Ricavi oltre i 20 miliardi di euro nel 2022, +90,3% sul 2021, che a sua volta aveva visto una crescita del 49% sul 2020. Una crescita che, nei tre anni di Covid, di guerra in Ucraina, di inflazione che erode salari e pensioni, ha raggiunto l’incredibile cifra di +184%.
Sono i risultati del Gruppo Hera, la SPA bolognese controllata per il 45,8% da 111 Comuni, in buona parte della nostra regione.

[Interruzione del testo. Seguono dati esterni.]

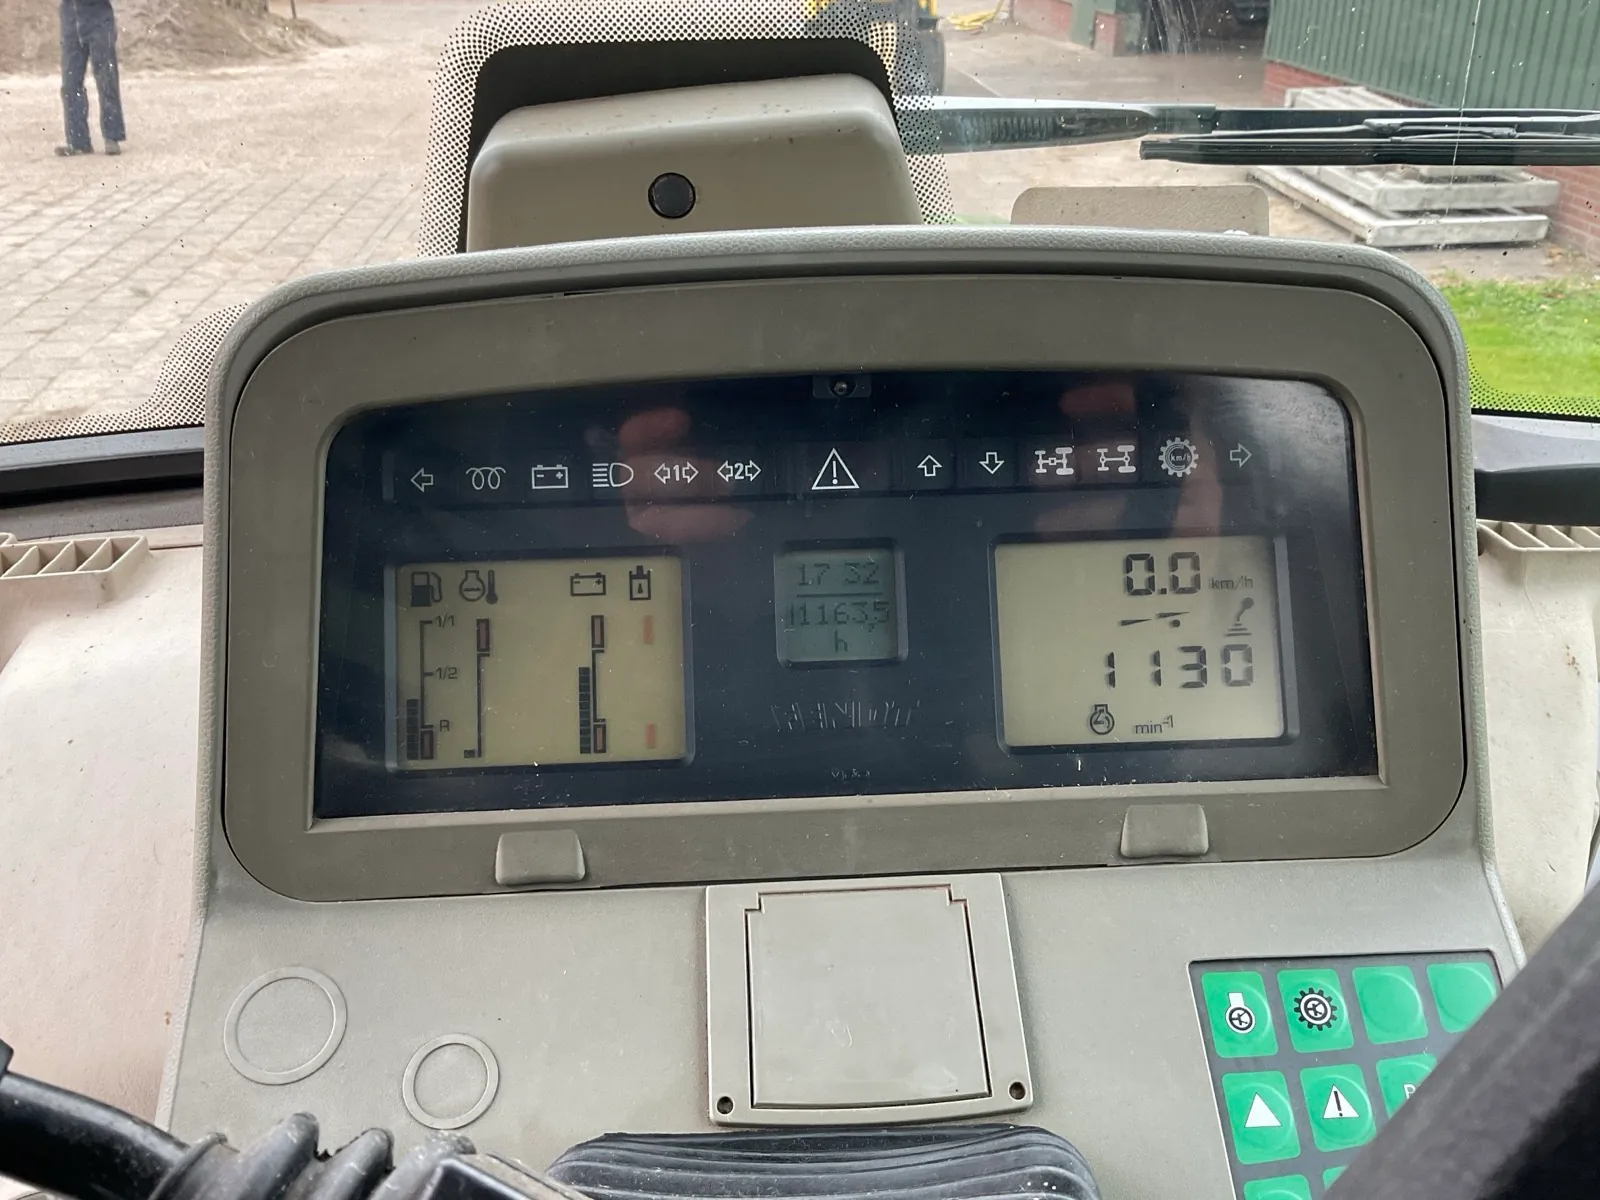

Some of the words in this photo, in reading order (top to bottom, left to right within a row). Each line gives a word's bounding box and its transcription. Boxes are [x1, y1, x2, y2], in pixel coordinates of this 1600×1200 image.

[673, 464, 680, 481] 1
[734, 463, 745, 480] 2
[1124, 551, 1201, 596] 0.0
[1209, 574, 1254, 590] km/h
[434, 614, 455, 627] 1/1
[834, 629, 848, 653] h
[435, 666, 458, 680] 1/2
[1105, 643, 1254, 689] 1130
[438, 719, 450, 733] R
[1403, 1083, 1416, 1100] P

Un bilancio che stride con la condizione complessiva di famiglie e cittadini, che hanno visto in questi anni un pesante arretramento dei propri redditi, soprattutto a causa dell’enorme crescita dei costi energetici. Cresce l’area della povertà, si riducono le cure sanitarie e i consumi alimentari, si mettono in discussione i percorsi scolastici dei figli, aumentano le diseguaglianze educative.

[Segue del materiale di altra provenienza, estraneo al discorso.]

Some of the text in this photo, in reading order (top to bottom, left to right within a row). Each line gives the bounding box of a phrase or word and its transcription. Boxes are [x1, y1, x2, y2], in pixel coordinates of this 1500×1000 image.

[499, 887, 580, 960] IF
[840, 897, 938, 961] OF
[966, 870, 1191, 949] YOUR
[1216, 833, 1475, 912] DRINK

La crescita a dismisura dei ricavi Hera evidenzia, ancora una volta, le contraddizioni di sistema. Una SPA che pianifica la crescita dei ricavi, in un mercato protetto: una crescita in gran parte a carico dei propri clienti. Ma poi Hera destina gli utili ai propri soci, pubblici e privati, consentendo ai primi di mantenere i servizi ai cittadini, gli stessi che hanno pagato più del dovuto i servizi di Hera.

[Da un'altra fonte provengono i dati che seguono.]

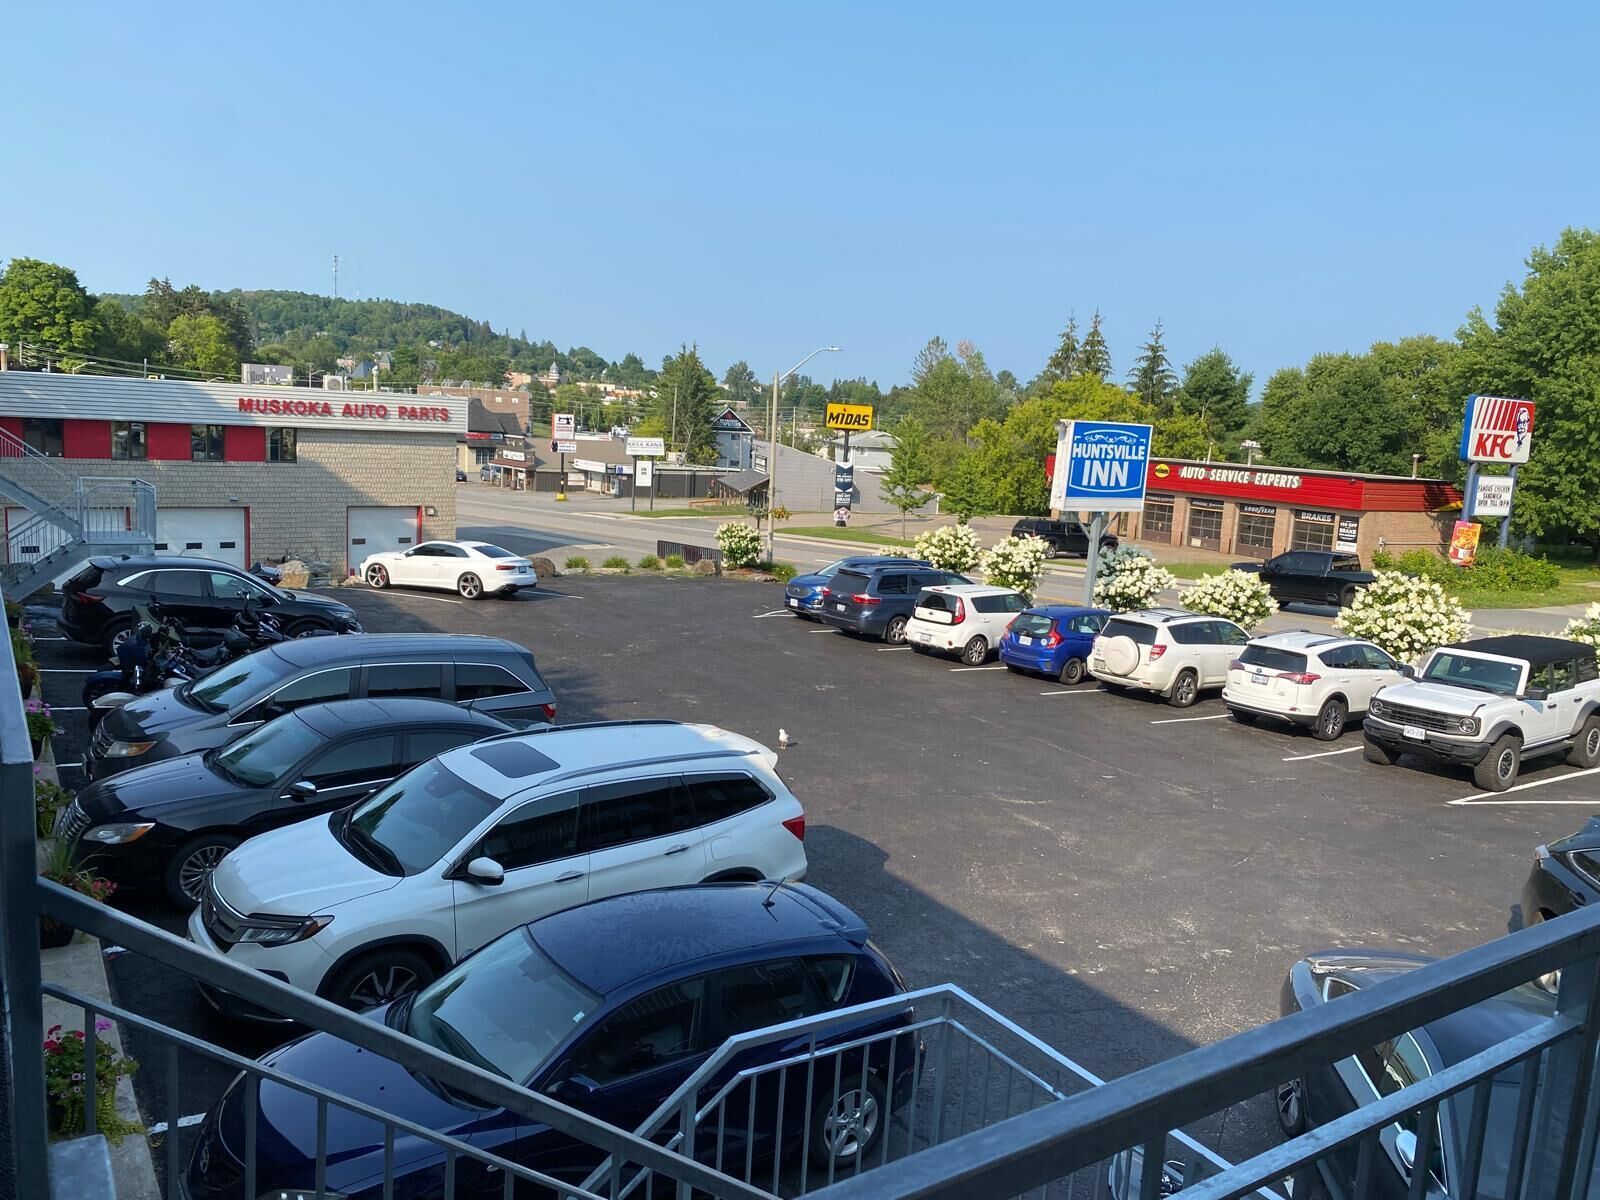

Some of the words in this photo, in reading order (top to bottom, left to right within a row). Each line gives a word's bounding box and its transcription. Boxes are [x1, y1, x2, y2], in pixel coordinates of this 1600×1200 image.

Una contraddizione con effetti perversi; crescono sempre di più le difficoltà dei Comuni nel chiudere i bilanci, i dividendi di Hera sono indispensabili, e la richiesta è quella di farli crescere, sempre di più, in una spirale impazzita. Una spirale che andrebbe fermata, o quanto meno messa sotto osservazione, per evitare l’anno prossimo l’ennesimo comunicato trionfalista di Hera, vantante una crescita di ricavi ancora maggiore, senza specificare come. E soprattutto alle spalle di chi.